[Data excerpts]
┄┄┄┄┄┄
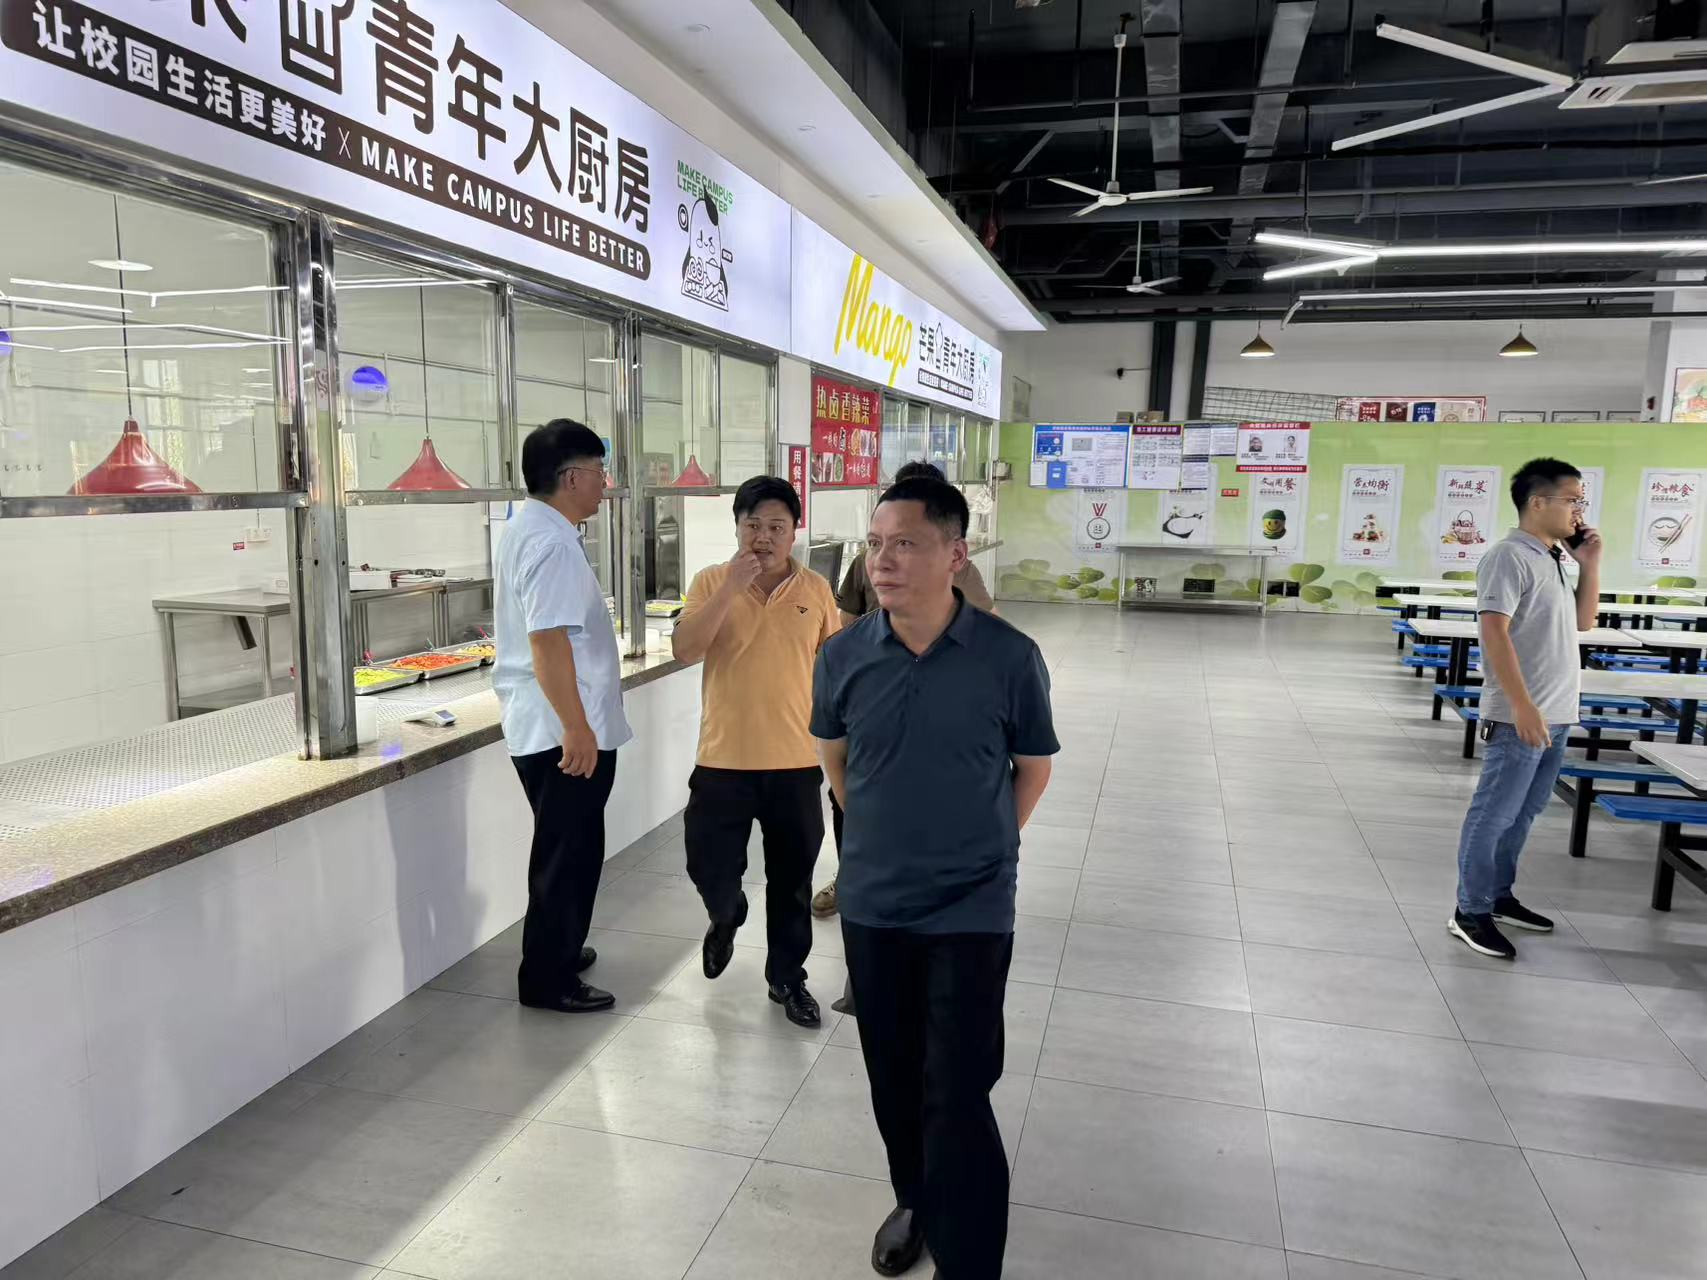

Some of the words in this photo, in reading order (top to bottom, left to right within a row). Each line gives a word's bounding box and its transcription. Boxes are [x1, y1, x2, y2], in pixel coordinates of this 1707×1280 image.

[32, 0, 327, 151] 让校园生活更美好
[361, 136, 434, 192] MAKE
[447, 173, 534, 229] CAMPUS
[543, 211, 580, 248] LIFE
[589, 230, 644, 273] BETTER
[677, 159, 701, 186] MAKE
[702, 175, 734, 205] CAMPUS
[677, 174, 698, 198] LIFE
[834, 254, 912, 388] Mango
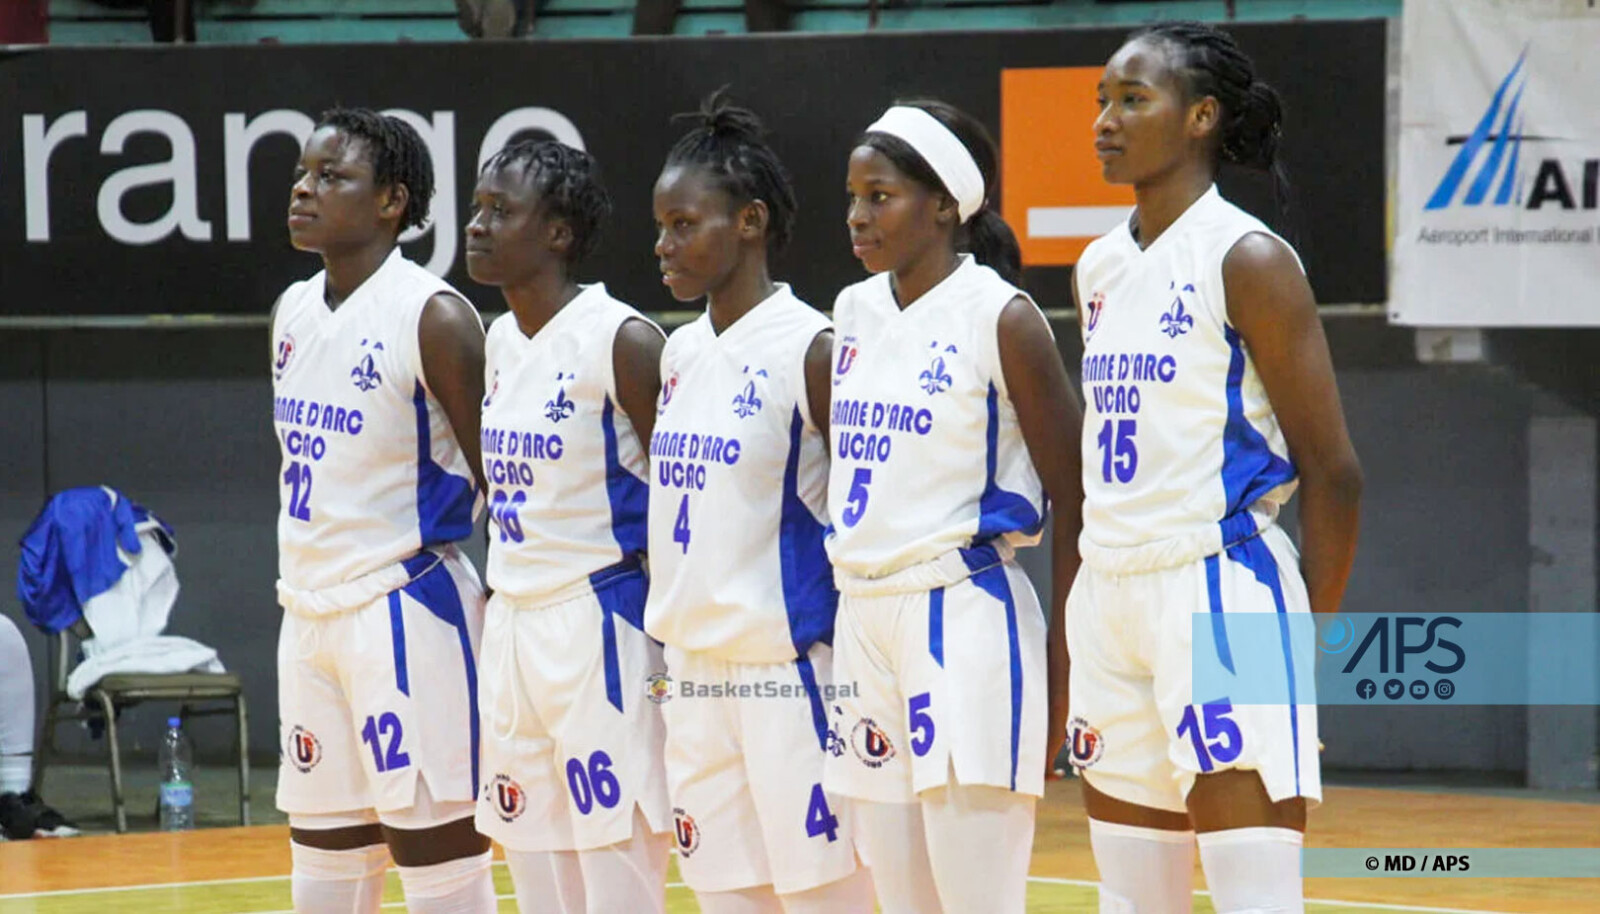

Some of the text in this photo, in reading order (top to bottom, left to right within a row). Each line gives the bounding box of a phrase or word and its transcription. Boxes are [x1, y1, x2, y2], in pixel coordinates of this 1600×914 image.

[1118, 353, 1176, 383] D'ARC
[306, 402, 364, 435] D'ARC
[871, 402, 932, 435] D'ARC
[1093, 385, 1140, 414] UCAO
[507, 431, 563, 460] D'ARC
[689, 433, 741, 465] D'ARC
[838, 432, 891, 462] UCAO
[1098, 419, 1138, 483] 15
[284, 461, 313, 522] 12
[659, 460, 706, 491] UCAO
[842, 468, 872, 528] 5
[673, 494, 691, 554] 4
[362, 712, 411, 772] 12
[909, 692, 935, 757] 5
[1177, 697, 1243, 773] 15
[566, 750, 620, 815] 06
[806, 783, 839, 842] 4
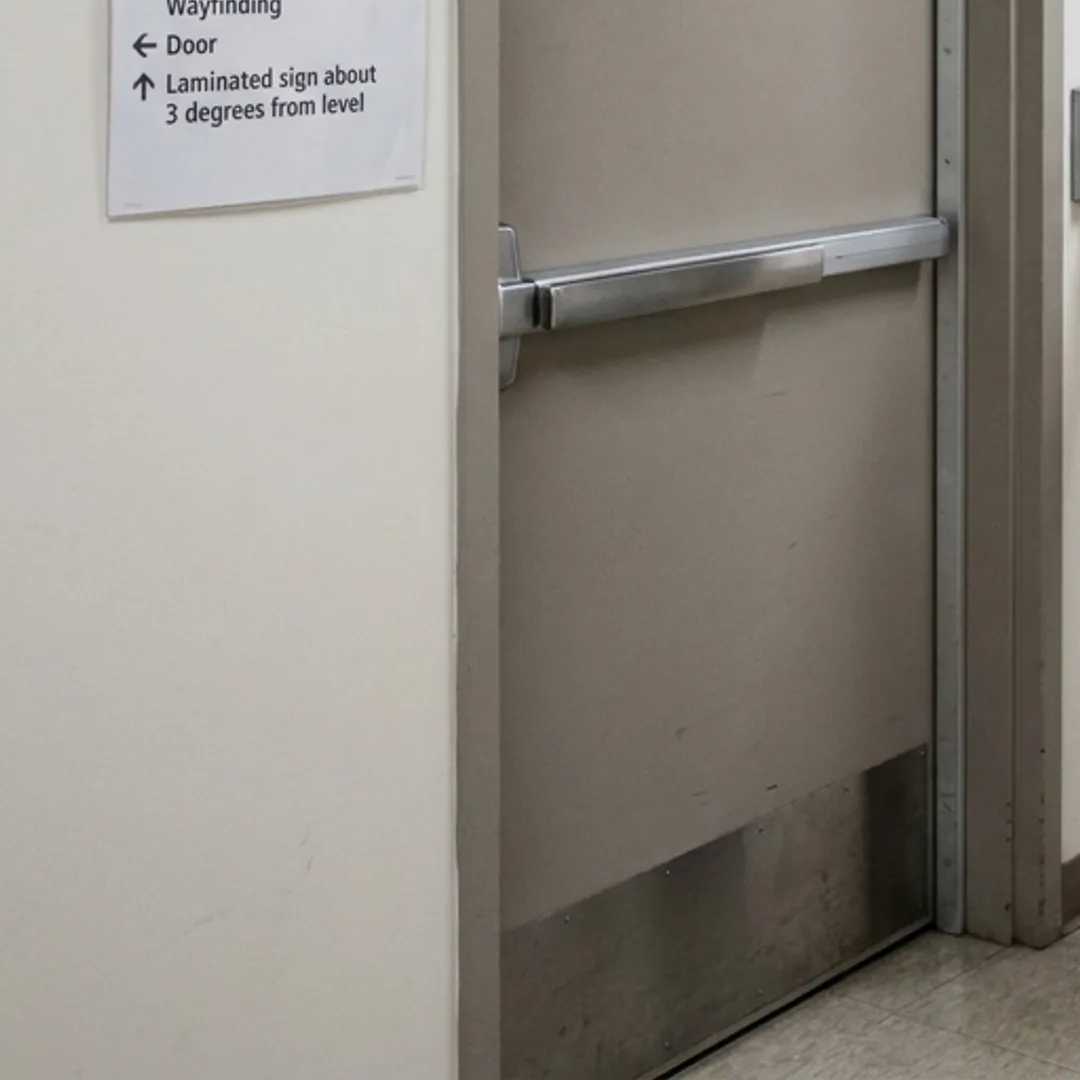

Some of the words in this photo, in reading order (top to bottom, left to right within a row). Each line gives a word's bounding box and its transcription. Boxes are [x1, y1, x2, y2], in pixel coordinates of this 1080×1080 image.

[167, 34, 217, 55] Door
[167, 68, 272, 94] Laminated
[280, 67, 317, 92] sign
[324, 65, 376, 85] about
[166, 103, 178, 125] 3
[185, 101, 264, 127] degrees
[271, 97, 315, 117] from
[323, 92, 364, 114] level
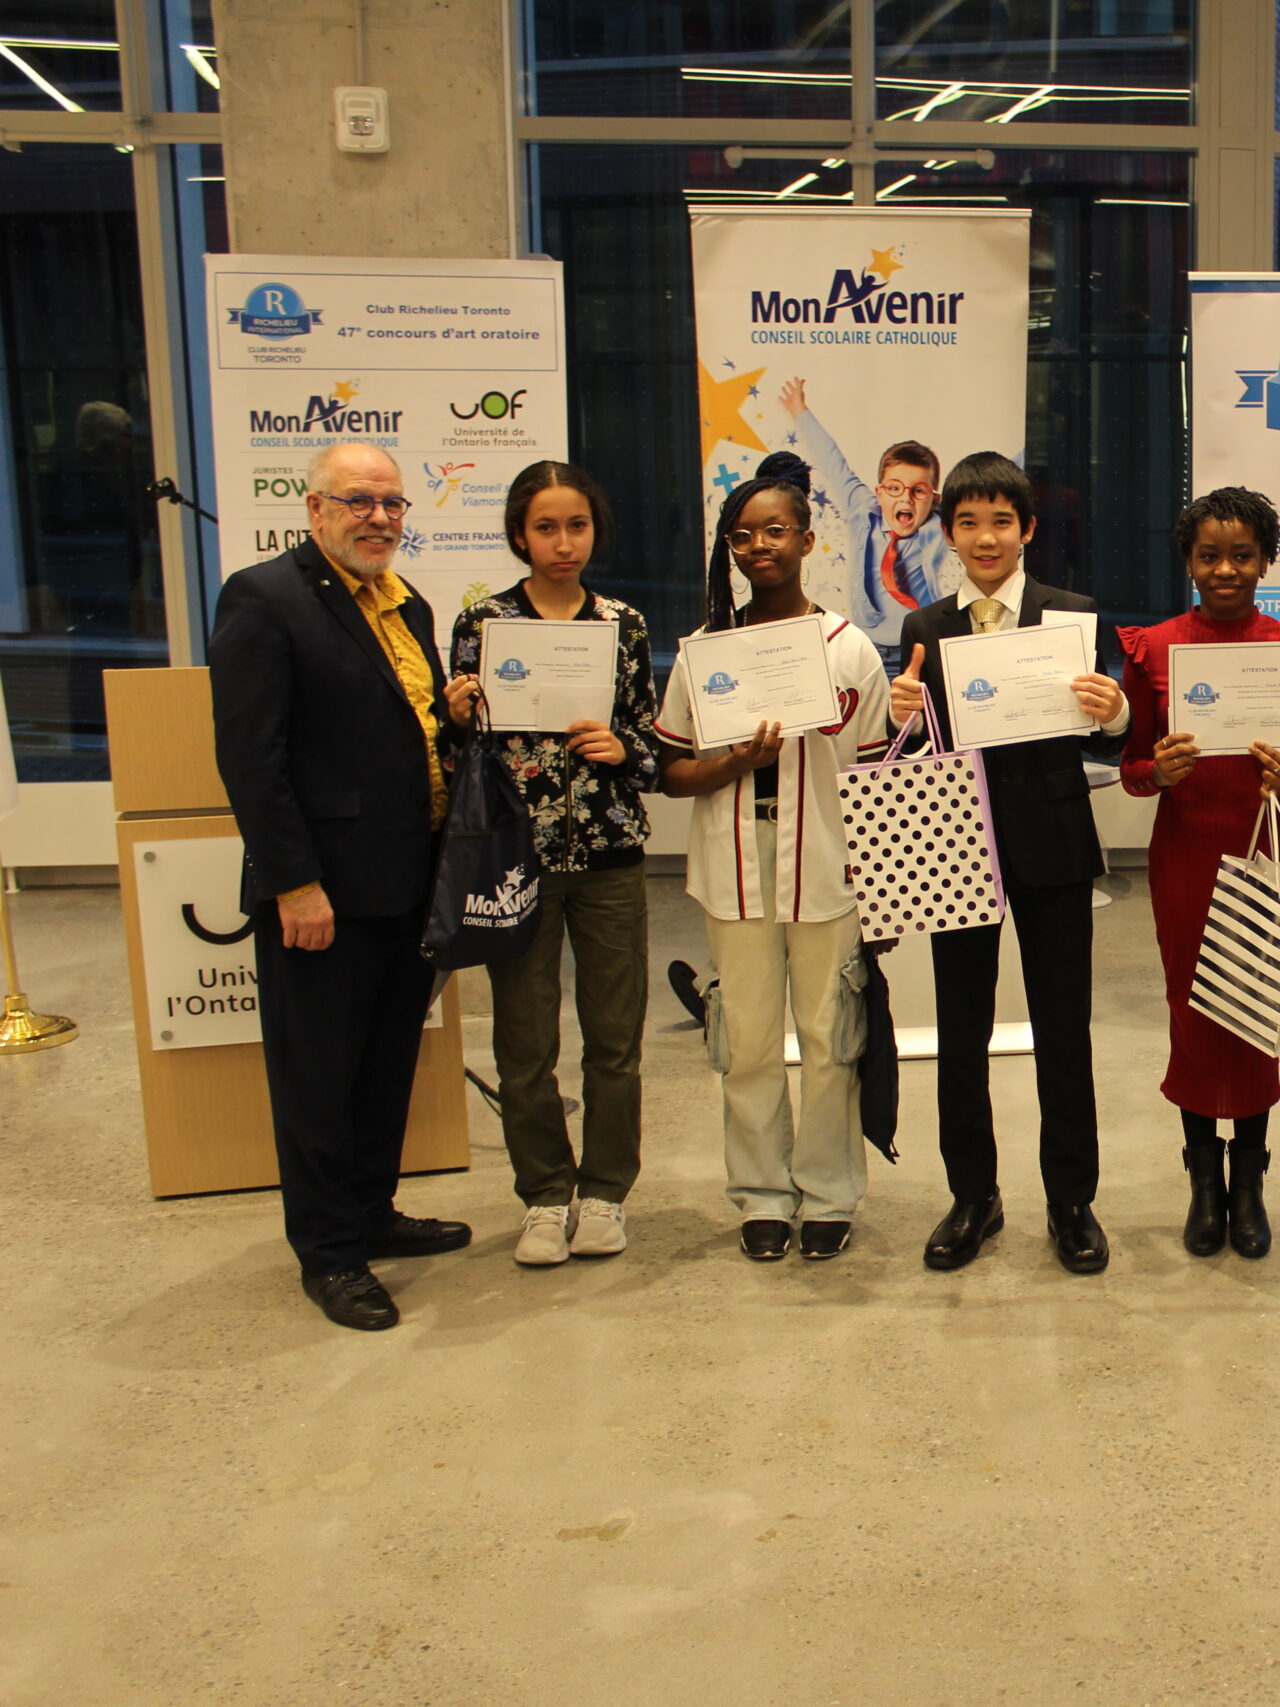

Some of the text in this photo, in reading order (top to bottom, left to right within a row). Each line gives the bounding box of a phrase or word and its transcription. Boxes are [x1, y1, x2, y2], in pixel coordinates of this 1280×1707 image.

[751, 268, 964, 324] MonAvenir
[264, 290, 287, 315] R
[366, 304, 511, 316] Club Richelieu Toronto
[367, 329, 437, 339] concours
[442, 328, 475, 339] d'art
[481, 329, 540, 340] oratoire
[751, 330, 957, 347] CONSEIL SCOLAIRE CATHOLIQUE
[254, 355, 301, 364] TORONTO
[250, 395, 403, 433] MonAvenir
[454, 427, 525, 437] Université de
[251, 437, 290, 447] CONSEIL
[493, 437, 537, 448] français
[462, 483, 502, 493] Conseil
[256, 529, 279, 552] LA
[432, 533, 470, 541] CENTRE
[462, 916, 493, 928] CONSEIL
┄┄┄┄┄┄
§ PROBLEM
The records above should be written out exactly, and the images dropped.

§ COMPLETED EXERCISE
Some of the words in this photo, in reading order (top to bottom, left to right within a row). Each line gives a word's bounding box and its transcription. Boxes are [x1, y1, x2, y2], in pixel coordinates of this 1707×1280 image.

[32, 0, 327, 151] 让校园生活更美好
[361, 136, 434, 192] MAKE
[447, 173, 534, 229] CAMPUS
[543, 211, 580, 248] LIFE
[589, 230, 644, 273] BETTER
[677, 159, 701, 186] MAKE
[702, 175, 734, 205] CAMPUS
[677, 174, 698, 198] LIFE
[834, 254, 912, 388] Mango

Some of the text in this photo, in reading order (top to bottom, left to right within a row). Each line gives the bounding box of a phrase or word and its transcription. Boxes are [x1, y1, x2, y2], in pixel coordinates of this 1600×914 image.

[1118, 353, 1176, 383] D'ARC
[306, 402, 364, 435] D'ARC
[871, 402, 932, 435] D'ARC
[1093, 385, 1140, 414] UCAO
[507, 431, 563, 460] D'ARC
[689, 433, 741, 465] D'ARC
[838, 432, 891, 462] UCAO
[1098, 419, 1138, 483] 15
[284, 461, 313, 522] 12
[659, 460, 706, 491] UCAO
[842, 468, 872, 528] 5
[673, 494, 691, 554] 4
[362, 712, 411, 772] 12
[909, 692, 935, 757] 5
[1177, 697, 1243, 773] 15
[566, 750, 620, 815] 06
[806, 783, 839, 842] 4

Some of the words in this photo, in reading order (top to bottom, left to right within a row). Each line gives a word's bounding box and its transcription. Boxes are [x1, y1, x2, y2], in pixel coordinates of this 1080×1080 image.

[167, 34, 217, 55] Door
[167, 68, 272, 94] Laminated
[280, 67, 317, 92] sign
[324, 65, 376, 85] about
[166, 103, 178, 125] 3
[185, 101, 264, 127] degrees
[271, 97, 315, 117] from
[323, 92, 364, 114] level

Some of the text in this photo, in reading order (top to bottom, left to right within a row). Each line gives the bounding box of a phrase or word and its transcription. Boxes are [x1, y1, x2, y2], in pixel coordinates of this 1280×1707 image.

[751, 268, 964, 324] MonAvenir
[264, 290, 287, 315] R
[366, 304, 511, 316] Club Richelieu Toronto
[367, 329, 437, 339] concours
[442, 328, 475, 339] d'art
[481, 329, 540, 340] oratoire
[751, 330, 957, 347] CONSEIL SCOLAIRE CATHOLIQUE
[254, 355, 301, 364] TORONTO
[250, 395, 403, 433] MonAvenir
[454, 427, 525, 437] Université de
[251, 437, 290, 447] CONSEIL
[493, 437, 537, 448] français
[462, 483, 502, 493] Conseil
[256, 529, 279, 552] LA
[432, 533, 470, 541] CENTRE
[462, 916, 493, 928] CONSEIL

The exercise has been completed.